■ The task:
From the first line to the last, output the data exactly as it stands, minus its pictures.

■ Material provided:
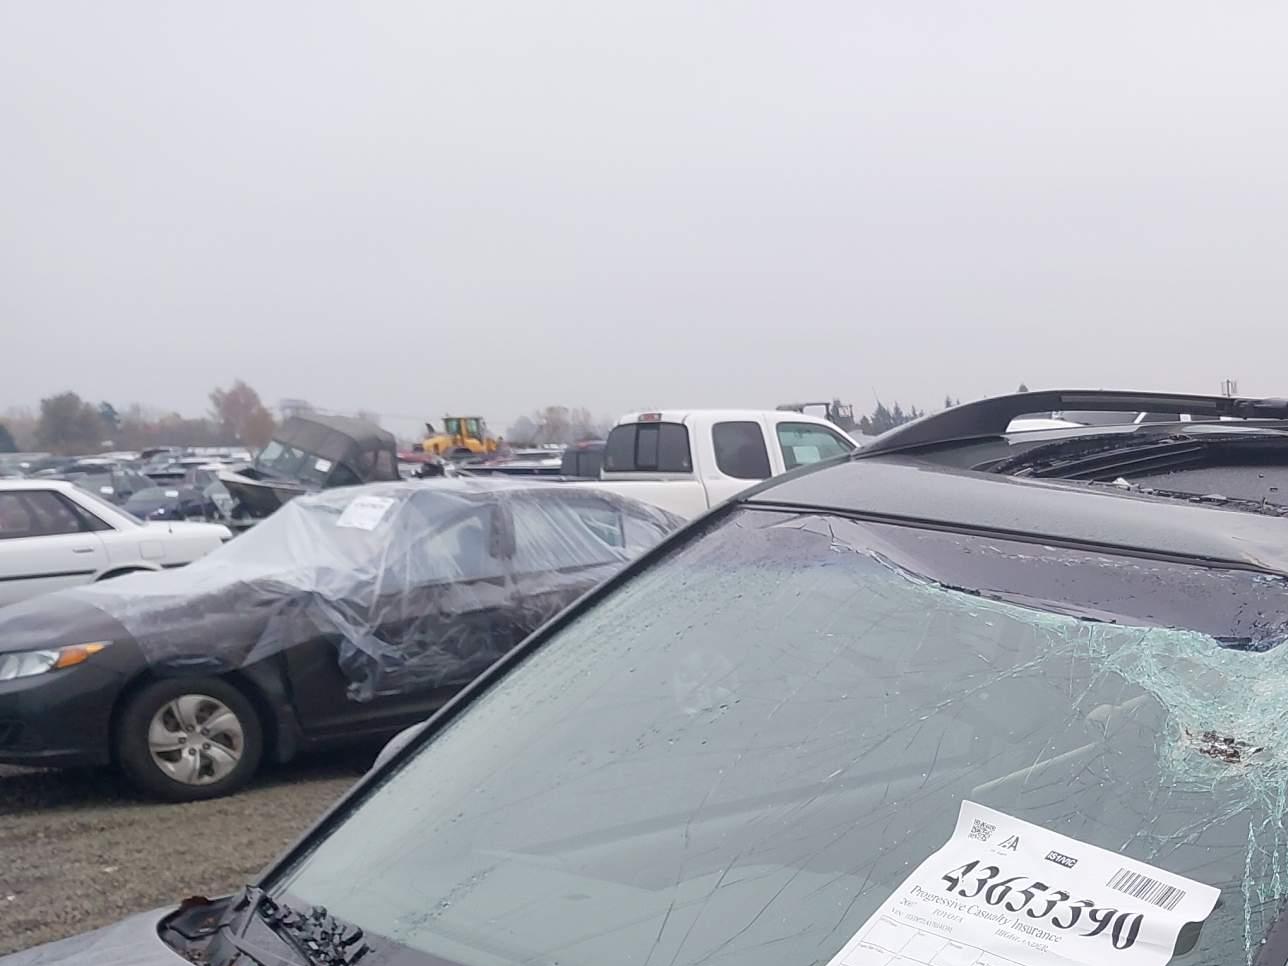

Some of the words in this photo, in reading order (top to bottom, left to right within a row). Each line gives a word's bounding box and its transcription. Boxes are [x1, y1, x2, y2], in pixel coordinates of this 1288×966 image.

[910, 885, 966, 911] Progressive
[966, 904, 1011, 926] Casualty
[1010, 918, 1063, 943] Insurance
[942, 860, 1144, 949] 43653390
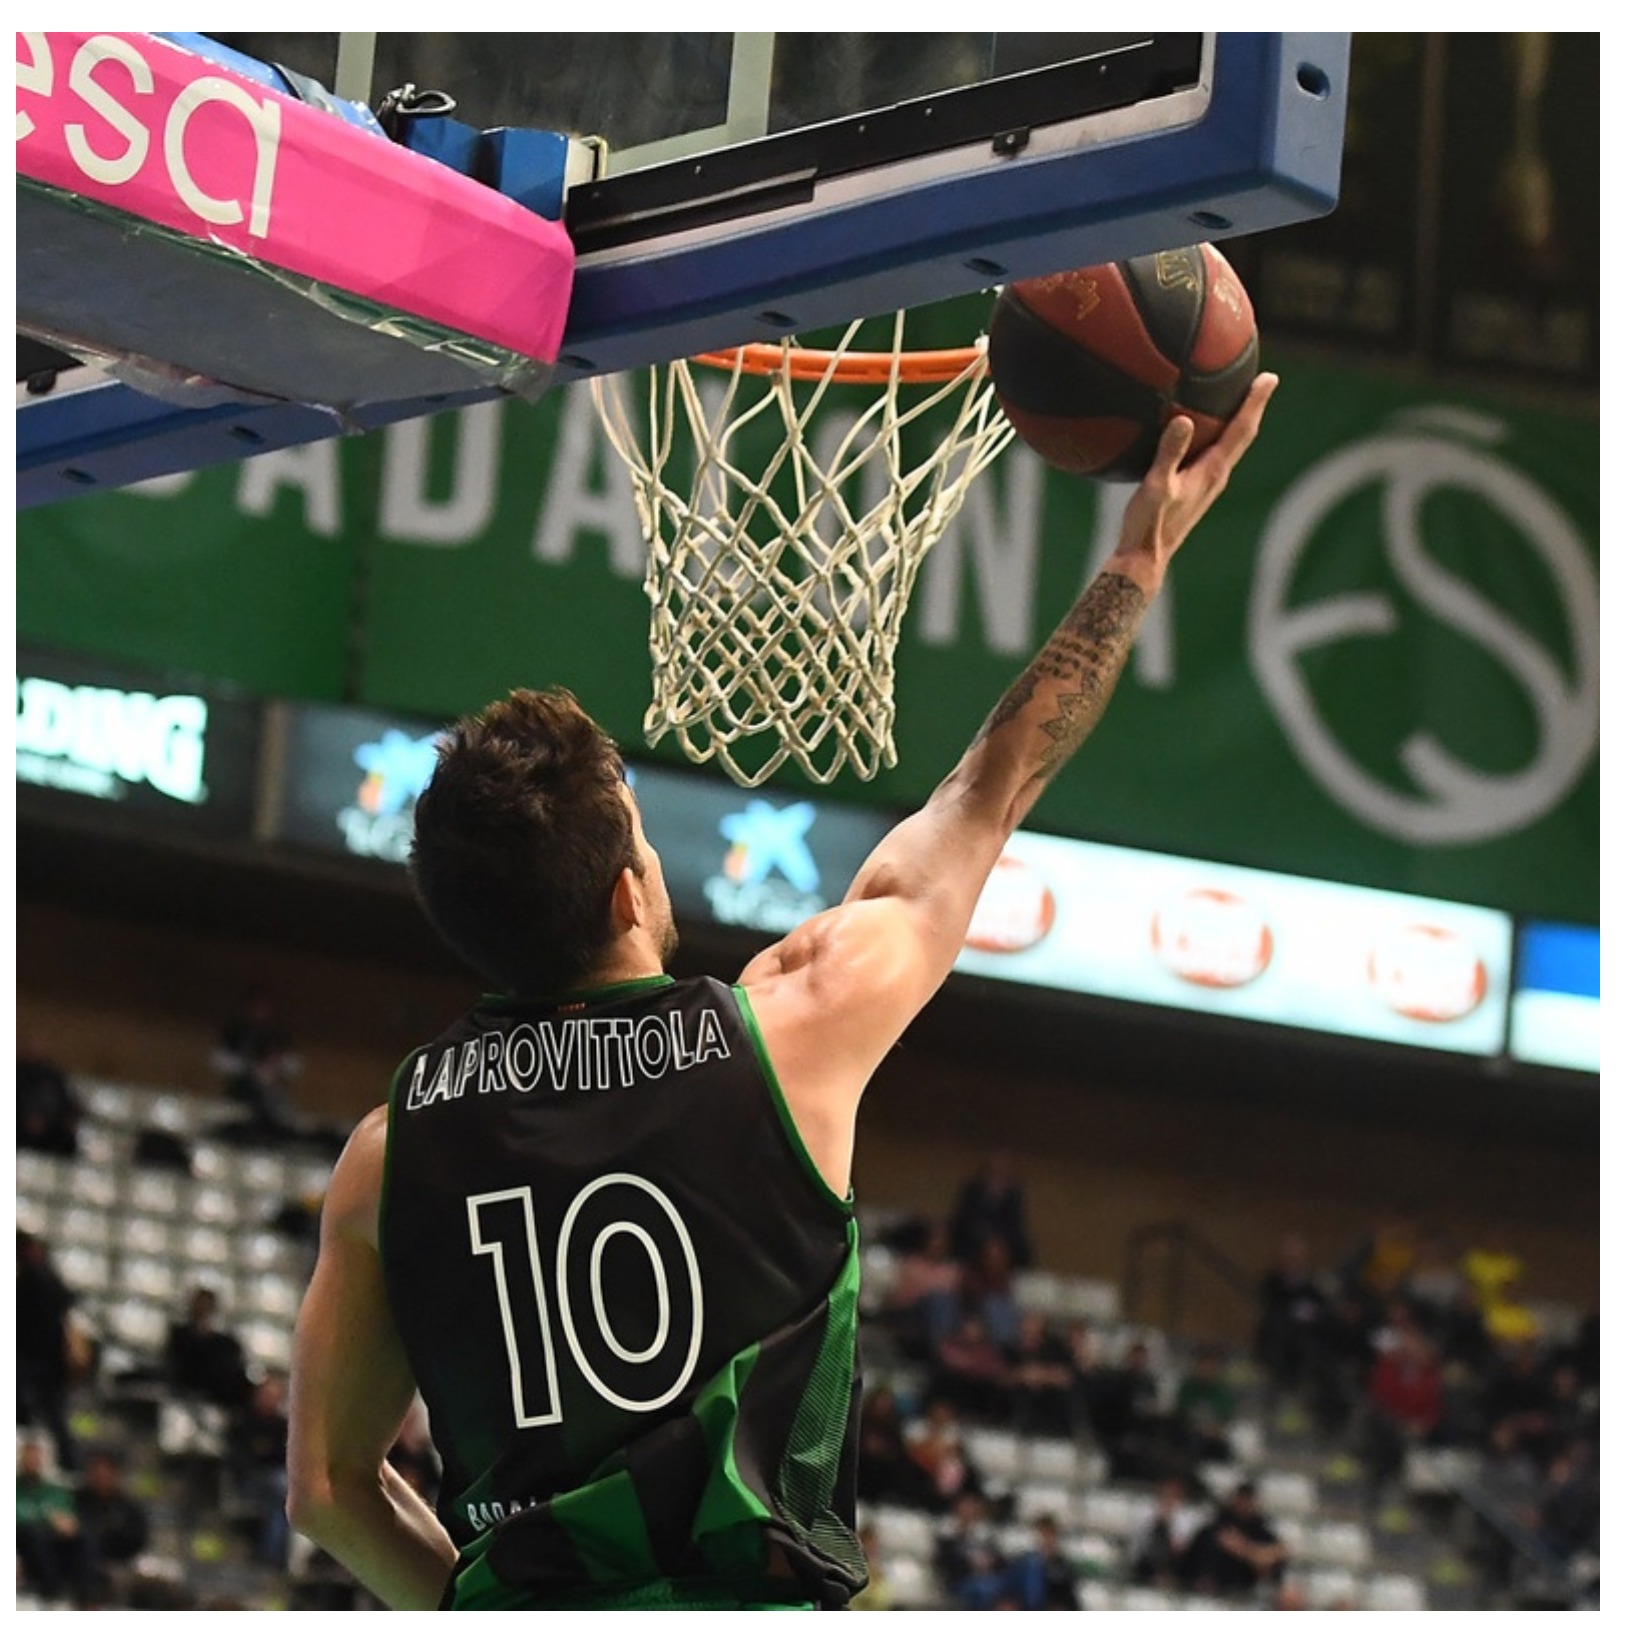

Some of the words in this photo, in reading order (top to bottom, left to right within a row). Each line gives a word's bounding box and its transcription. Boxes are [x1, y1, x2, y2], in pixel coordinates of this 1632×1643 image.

■ Result below:
Some of the words in this photo, in reading order (top to bottom, left to right within a row). Each line gives a word's bounding box and its transcription. Boxes are [x1, y1, x2, y2], in pixel coordinates of this 1288×966 image.

[910, 885, 966, 911] Progressive
[966, 904, 1011, 926] Casualty
[1010, 918, 1063, 943] Insurance
[942, 860, 1144, 949] 43653390

Some of the words in this photo, in reading order (top to bottom, left to right within a row). Each line gives a word's bounding box and its transcription. Boxes are [x1, y1, x2, y2], in pixel coordinates of this 1632×1643 image.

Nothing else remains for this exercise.